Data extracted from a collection

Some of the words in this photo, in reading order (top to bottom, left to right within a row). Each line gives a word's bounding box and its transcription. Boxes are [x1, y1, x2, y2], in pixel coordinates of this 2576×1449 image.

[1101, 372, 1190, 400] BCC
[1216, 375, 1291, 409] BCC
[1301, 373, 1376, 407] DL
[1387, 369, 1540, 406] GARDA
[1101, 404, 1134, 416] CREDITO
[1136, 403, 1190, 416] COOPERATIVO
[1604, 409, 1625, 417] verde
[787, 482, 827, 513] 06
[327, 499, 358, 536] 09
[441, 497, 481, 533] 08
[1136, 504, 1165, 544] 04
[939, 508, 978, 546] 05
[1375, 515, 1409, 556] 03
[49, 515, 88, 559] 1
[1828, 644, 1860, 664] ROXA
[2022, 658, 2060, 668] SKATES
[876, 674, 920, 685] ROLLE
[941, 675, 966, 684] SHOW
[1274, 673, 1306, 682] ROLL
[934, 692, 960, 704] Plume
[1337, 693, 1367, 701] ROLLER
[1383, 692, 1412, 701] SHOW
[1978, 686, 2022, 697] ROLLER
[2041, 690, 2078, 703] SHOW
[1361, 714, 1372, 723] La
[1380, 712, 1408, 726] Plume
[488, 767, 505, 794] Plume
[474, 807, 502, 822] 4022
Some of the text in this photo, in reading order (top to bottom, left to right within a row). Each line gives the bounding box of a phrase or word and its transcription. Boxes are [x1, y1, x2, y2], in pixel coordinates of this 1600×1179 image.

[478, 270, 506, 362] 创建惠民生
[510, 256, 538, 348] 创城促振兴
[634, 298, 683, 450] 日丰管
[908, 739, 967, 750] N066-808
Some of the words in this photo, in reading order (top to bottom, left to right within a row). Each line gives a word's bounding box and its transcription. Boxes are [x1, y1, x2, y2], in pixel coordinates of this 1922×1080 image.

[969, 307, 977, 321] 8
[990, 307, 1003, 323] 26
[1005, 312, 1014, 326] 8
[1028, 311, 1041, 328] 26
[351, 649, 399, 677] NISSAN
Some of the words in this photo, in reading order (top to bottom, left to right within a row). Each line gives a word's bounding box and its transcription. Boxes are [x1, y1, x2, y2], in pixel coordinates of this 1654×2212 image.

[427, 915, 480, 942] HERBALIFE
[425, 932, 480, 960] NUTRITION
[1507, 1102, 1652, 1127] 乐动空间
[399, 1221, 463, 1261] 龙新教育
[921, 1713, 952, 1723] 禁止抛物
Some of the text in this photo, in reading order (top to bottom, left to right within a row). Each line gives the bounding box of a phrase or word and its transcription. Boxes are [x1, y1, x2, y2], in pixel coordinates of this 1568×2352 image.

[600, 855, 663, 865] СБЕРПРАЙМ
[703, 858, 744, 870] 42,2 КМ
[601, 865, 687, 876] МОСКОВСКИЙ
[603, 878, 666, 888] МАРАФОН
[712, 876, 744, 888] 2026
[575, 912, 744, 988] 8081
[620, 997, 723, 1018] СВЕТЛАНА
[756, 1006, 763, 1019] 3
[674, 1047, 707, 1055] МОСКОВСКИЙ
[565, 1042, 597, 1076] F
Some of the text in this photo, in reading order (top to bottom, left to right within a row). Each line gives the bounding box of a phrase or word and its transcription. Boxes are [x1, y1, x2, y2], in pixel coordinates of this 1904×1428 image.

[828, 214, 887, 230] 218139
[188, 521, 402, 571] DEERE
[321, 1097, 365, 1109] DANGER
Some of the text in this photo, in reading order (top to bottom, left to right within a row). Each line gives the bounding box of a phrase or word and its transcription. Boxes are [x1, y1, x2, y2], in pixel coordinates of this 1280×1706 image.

Goal of the exercise
Copy out the data exactly as it stands, leaving nothing out.

Written solution
Some of the words in this photo, in reading order (top to bottom, left to right within a row). Each line gives a word's bounding box and its transcription. Boxes are [x1, y1, x2, y2], in pixel coordinates of this 2576×1449 image.

[1101, 372, 1190, 400] BCC
[1216, 375, 1291, 409] BCC
[1301, 373, 1376, 407] DL
[1387, 369, 1540, 406] GARDA
[1101, 404, 1134, 416] CREDITO
[1136, 403, 1190, 416] COOPERATIVO
[1604, 409, 1625, 417] verde
[787, 482, 827, 513] 06
[327, 499, 358, 536] 09
[441, 497, 481, 533] 08
[1136, 504, 1165, 544] 04
[939, 508, 978, 546] 05
[1375, 515, 1409, 556] 03
[49, 515, 88, 559] 1
[1828, 644, 1860, 664] ROXA
[2022, 658, 2060, 668] SKATES
[876, 674, 920, 685] ROLLE
[941, 675, 966, 684] SHOW
[1274, 673, 1306, 682] ROLL
[934, 692, 960, 704] Plume
[1337, 693, 1367, 701] ROLLER
[1383, 692, 1412, 701] SHOW
[1978, 686, 2022, 697] ROLLER
[2041, 690, 2078, 703] SHOW
[1361, 714, 1372, 723] La
[1380, 712, 1408, 726] Plume
[488, 767, 505, 794] Plume
[474, 807, 502, 822] 4022
Some of the text in this photo, in reading order (top to bottom, left to right within a row). Each line gives the bounding box of a phrase or word and its transcription. Boxes are [x1, y1, x2, y2], in pixel coordinates of this 1600×1179 image.

[478, 270, 506, 362] 创建惠民生
[510, 256, 538, 348] 创城促振兴
[634, 298, 683, 450] 日丰管
[908, 739, 967, 750] N066-808
Some of the words in this photo, in reading order (top to bottom, left to right within a row). Each line gives a word's bounding box and its transcription. Boxes are [x1, y1, x2, y2], in pixel coordinates of this 1922×1080 image.

[969, 307, 977, 321] 8
[990, 307, 1003, 323] 26
[1005, 312, 1014, 326] 8
[1028, 311, 1041, 328] 26
[351, 649, 399, 677] NISSAN
Some of the words in this photo, in reading order (top to bottom, left to right within a row). Each line gives a word's bounding box and its transcription. Boxes are [x1, y1, x2, y2], in pixel coordinates of this 1654×2212 image.

[427, 915, 480, 942] HERBALIFE
[425, 932, 480, 960] NUTRITION
[1507, 1102, 1652, 1127] 乐动空间
[399, 1221, 463, 1261] 龙新教育
[921, 1713, 952, 1723] 禁止抛物
Some of the text in this photo, in reading order (top to bottom, left to right within a row). Each line gives the bounding box of a phrase or word and its transcription. Boxes are [x1, y1, x2, y2], in pixel coordinates of this 1568×2352 image.

[600, 855, 663, 865] СБЕРПРАЙМ
[703, 858, 744, 870] 42,2 КМ
[601, 865, 687, 876] МОСКОВСКИЙ
[603, 878, 666, 888] МАРАФОН
[712, 876, 744, 888] 2026
[575, 912, 744, 988] 8081
[620, 997, 723, 1018] СВЕТЛАНА
[756, 1006, 763, 1019] 3
[674, 1047, 707, 1055] МОСКОВСКИЙ
[565, 1042, 597, 1076] F
Some of the text in this photo, in reading order (top to bottom, left to right within a row). Each line gives the bounding box of a phrase or word and its transcription. Boxes are [x1, y1, x2, y2], in pixel coordinates of this 1904×1428 image.

[828, 214, 887, 230] 218139
[188, 521, 402, 571] DEERE
[321, 1097, 365, 1109] DANGER
Some of the text in this photo, in reading order (top to bottom, left to right within a row). Each line gives the bounding box of a phrase or word and its transcription. Boxes are [x1, y1, x2, y2], in pixel coordinates of this 1280×1706 image.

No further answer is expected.